Exercise objective
Print the data exactly as written, line for line, and leave its pictures behind.

Data records
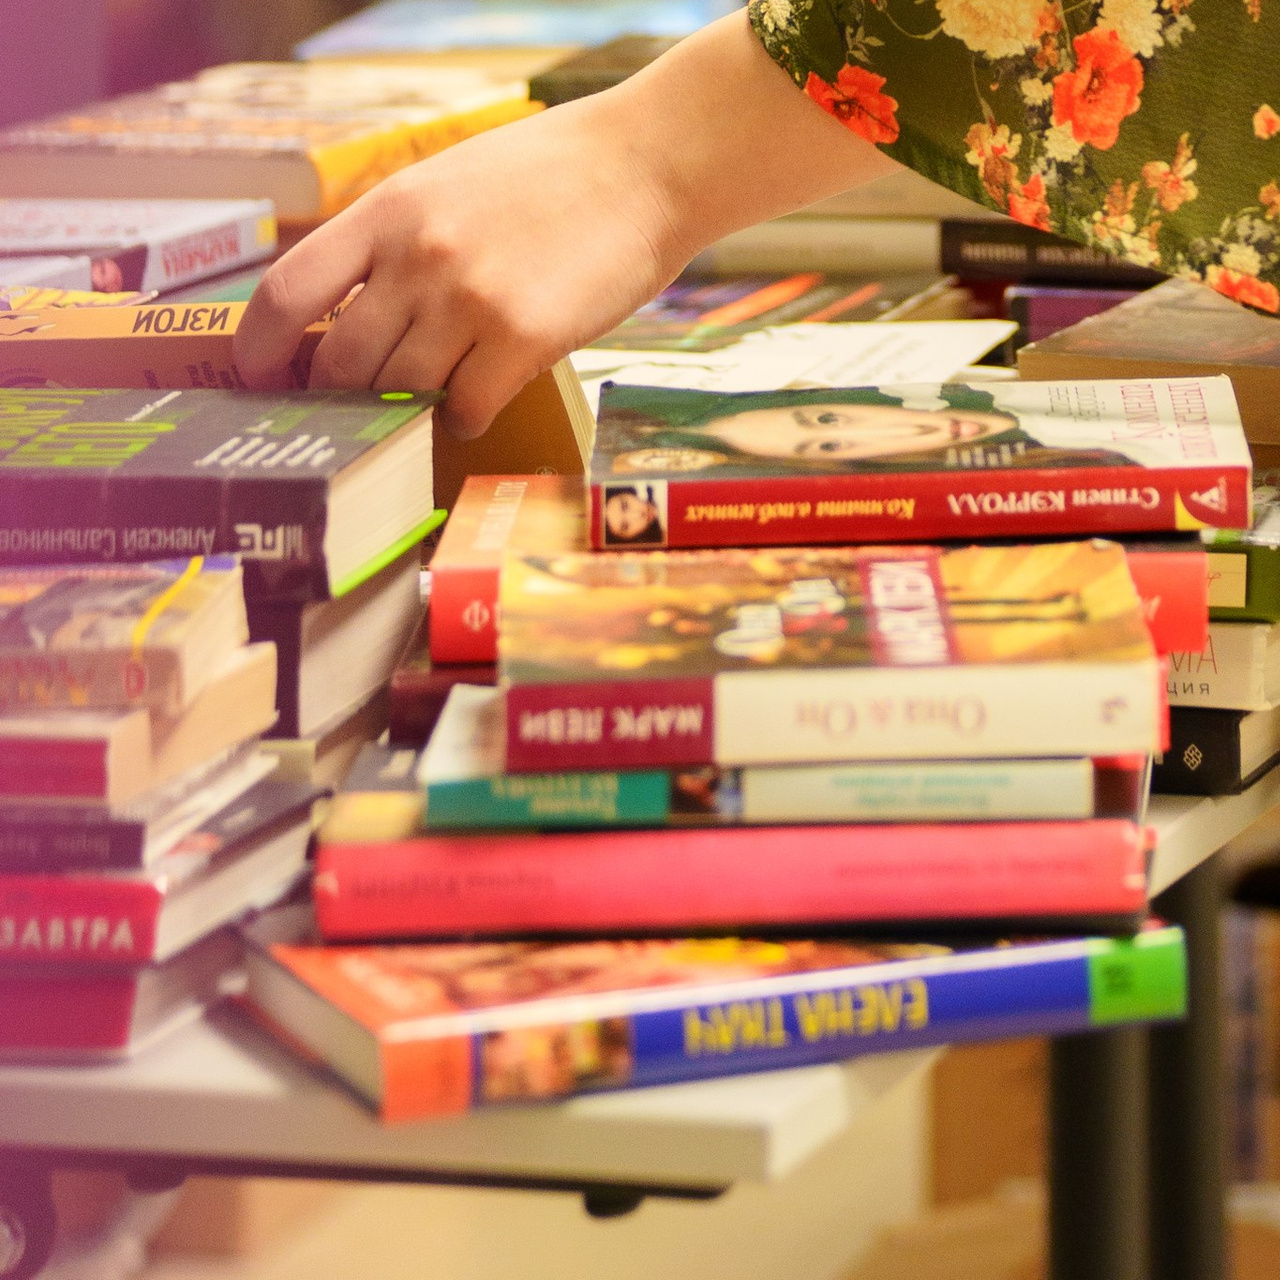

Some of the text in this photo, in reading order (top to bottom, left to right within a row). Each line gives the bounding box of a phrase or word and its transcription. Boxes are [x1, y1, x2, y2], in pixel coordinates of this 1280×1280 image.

[132, 306, 230, 335] ИЗГОИ
[814, 497, 915, 520] Комната
[946, 486, 1160, 516] Стивен КЭРРОЛЛ
[518, 703, 704, 745] МАРК ЛЕВИ
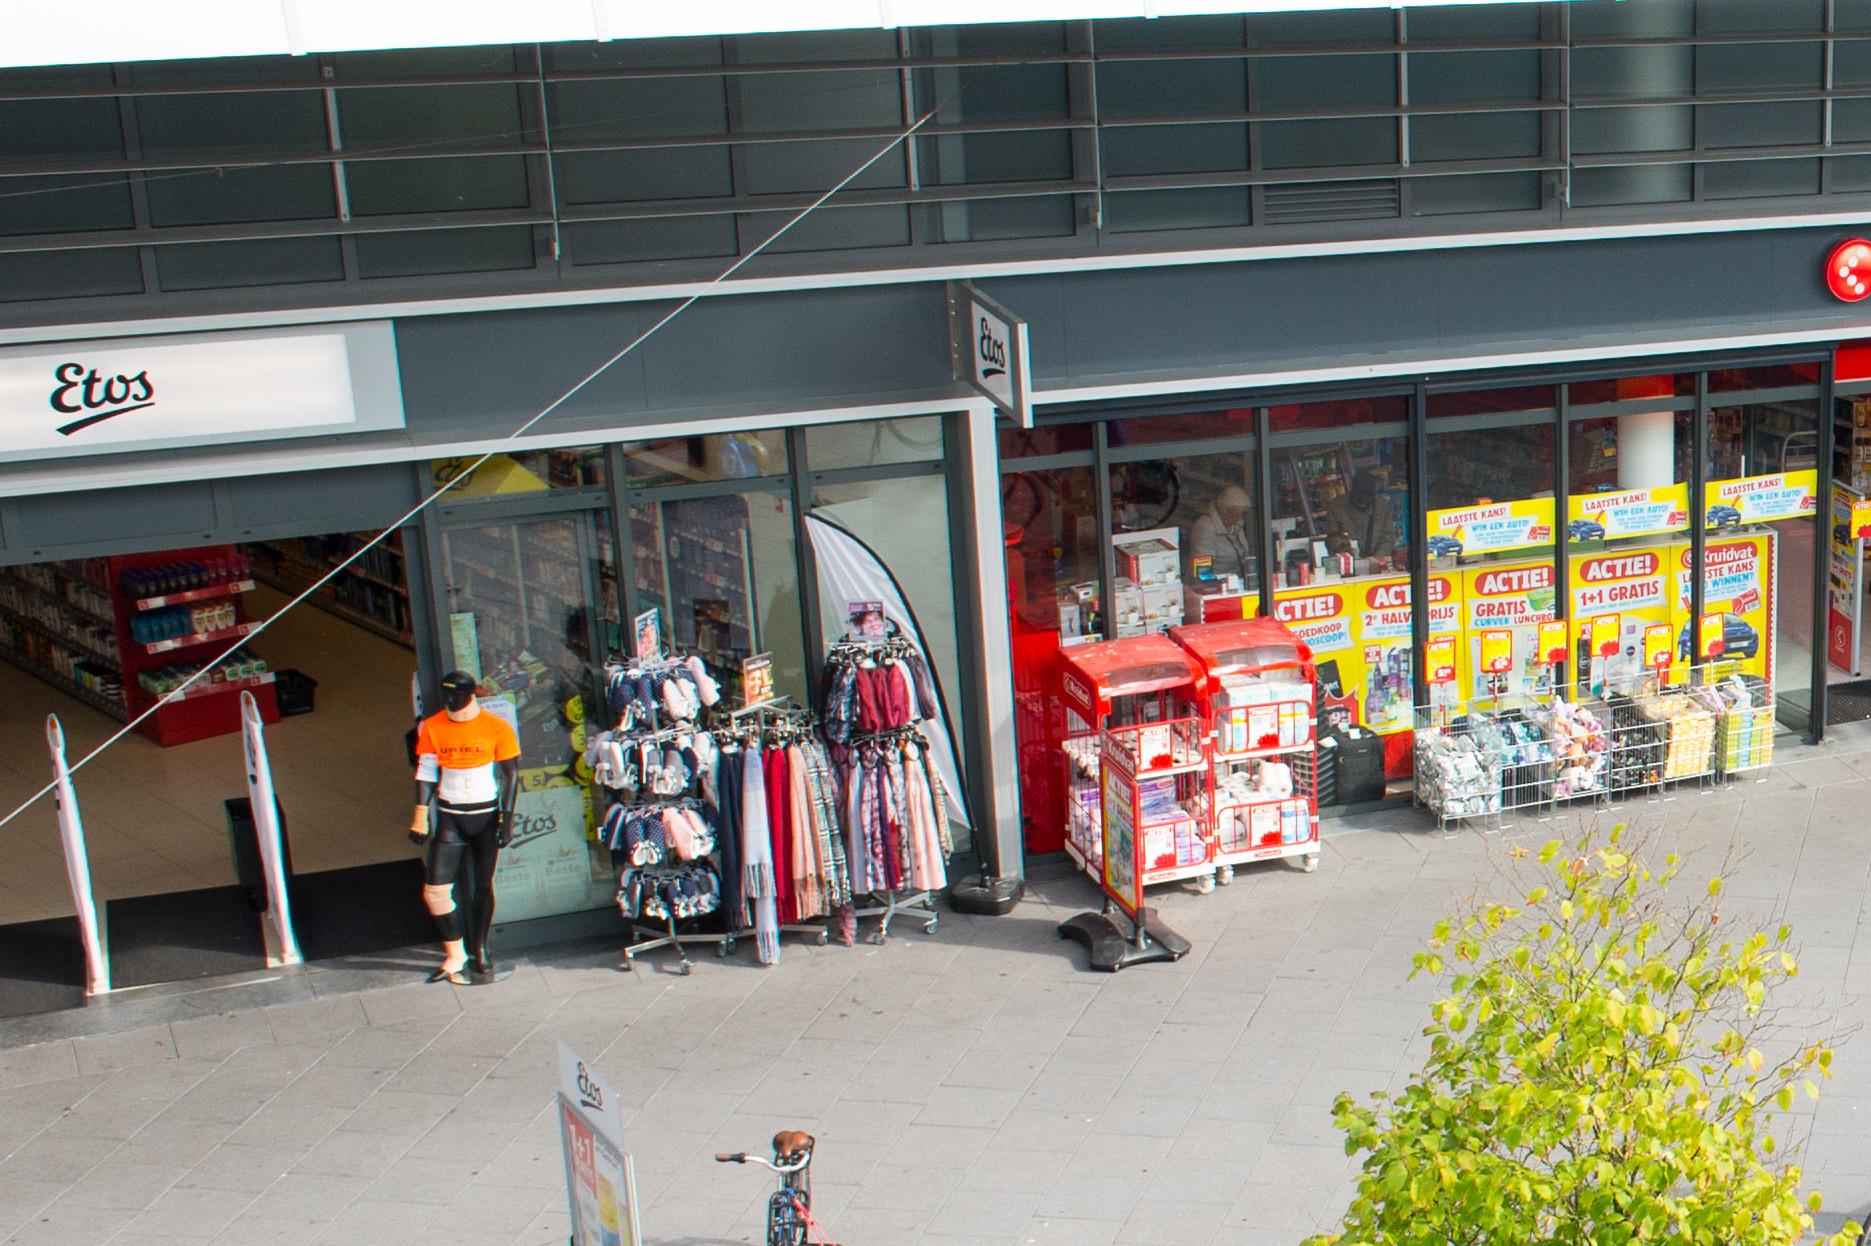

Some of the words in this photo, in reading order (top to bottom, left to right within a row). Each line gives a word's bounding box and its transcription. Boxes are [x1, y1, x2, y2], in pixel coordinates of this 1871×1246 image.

[981, 317, 1005, 368] Etos
[50, 362, 154, 413] Etos
[1723, 482, 1755, 496] LAATSTE
[1757, 477, 1781, 490] KANS!
[1585, 498, 1620, 510] LAATSTE
[1623, 493, 1647, 505] KANS!
[1442, 511, 1478, 526] LAATSTE
[1481, 507, 1506, 521] KANS!
[1586, 554, 1652, 581] ACTIE!
[1727, 560, 1755, 575] KANS
[1482, 567, 1550, 594] ACTIE!
[1373, 580, 1444, 607] ACTE!
[1580, 590, 1603, 606] 1+1
[1608, 581, 1659, 601] GRATIS
[1275, 595, 1335, 621] CTIE!
[1382, 610, 1413, 624] HALV
[1427, 606, 1454, 621] RIJS
[1474, 617, 1510, 627] CURVER
[1513, 613, 1554, 624] LUNCHBO
[1475, 600, 1527, 617] GRATIS
[578, 1060, 603, 1106] Etos
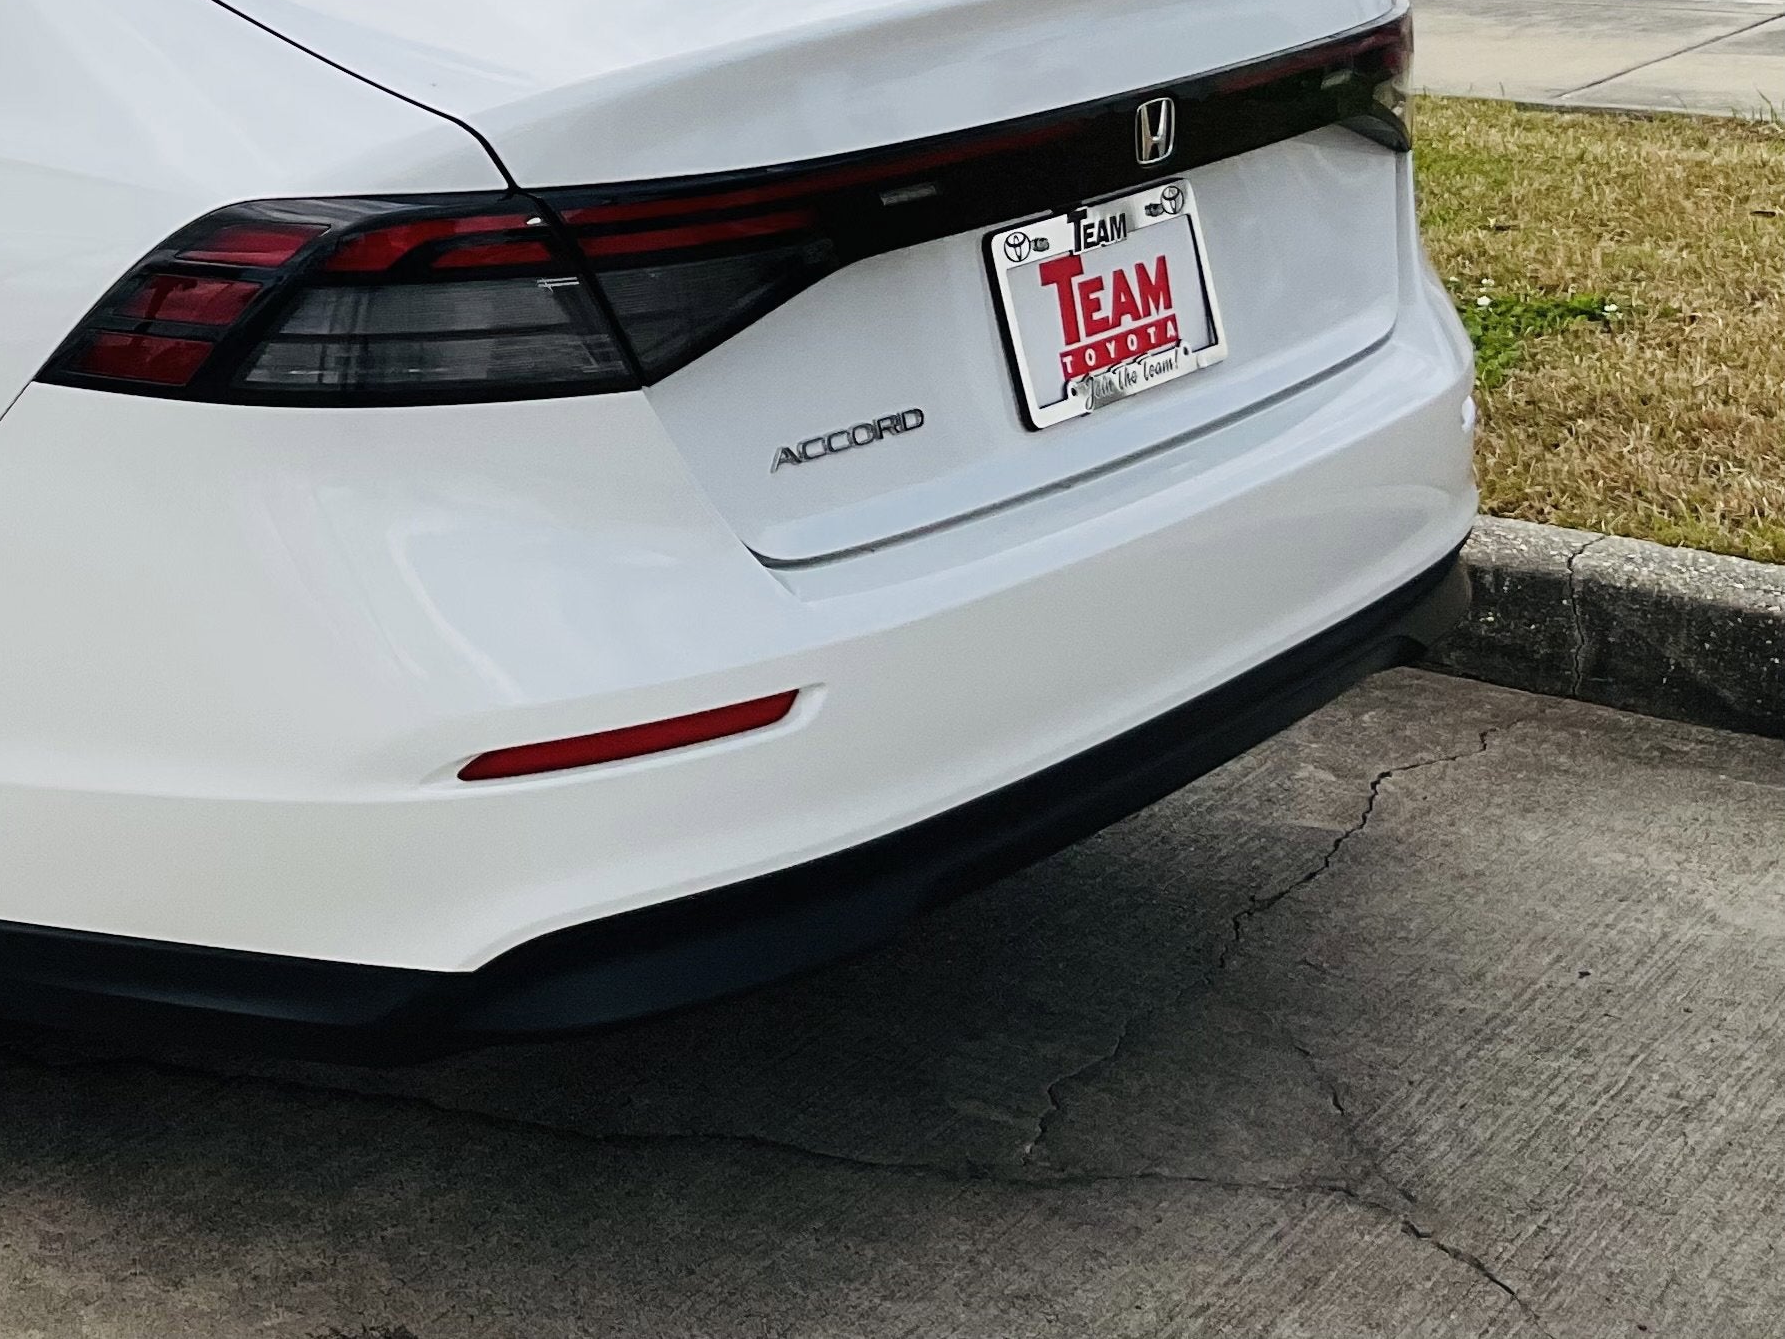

Exercise response
Some of the text in this photo, in reading order (top to bottom, left to right within a row). Each line gives the bounding box of a phrase or word and its transcription. Boxes are [x1, y1, x2, y2], in pixel coordinates of this 1280×1280 image.

[132, 306, 230, 335] ИЗГОИ
[814, 497, 915, 520] Комната
[946, 486, 1160, 516] Стивен КЭРРОЛЛ
[518, 703, 704, 745] МАРК ЛЕВИ

Some of the words in this photo, in reading order (top to bottom, left to right within a row). Each line gives a word's bounding box and its transcription. Boxes are [x1, y1, x2, y2], in pixel coordinates of this 1871×1246 image.

[981, 317, 1005, 368] Etos
[50, 362, 154, 413] Etos
[1723, 482, 1755, 496] LAATSTE
[1757, 477, 1781, 490] KANS!
[1585, 498, 1620, 510] LAATSTE
[1623, 493, 1647, 505] KANS!
[1442, 511, 1478, 526] LAATSTE
[1481, 507, 1506, 521] KANS!
[1586, 554, 1652, 581] ACTIE!
[1727, 560, 1755, 575] KANS
[1482, 567, 1550, 594] ACTIE!
[1373, 580, 1444, 607] ACTE!
[1580, 590, 1603, 606] 1+1
[1608, 581, 1659, 601] GRATIS
[1275, 595, 1335, 621] CTIE!
[1382, 610, 1413, 624] HALV
[1427, 606, 1454, 621] RIJS
[1474, 617, 1510, 627] CURVER
[1513, 613, 1554, 624] LUNCHBO
[1475, 600, 1527, 617] GRATIS
[578, 1060, 603, 1106] Etos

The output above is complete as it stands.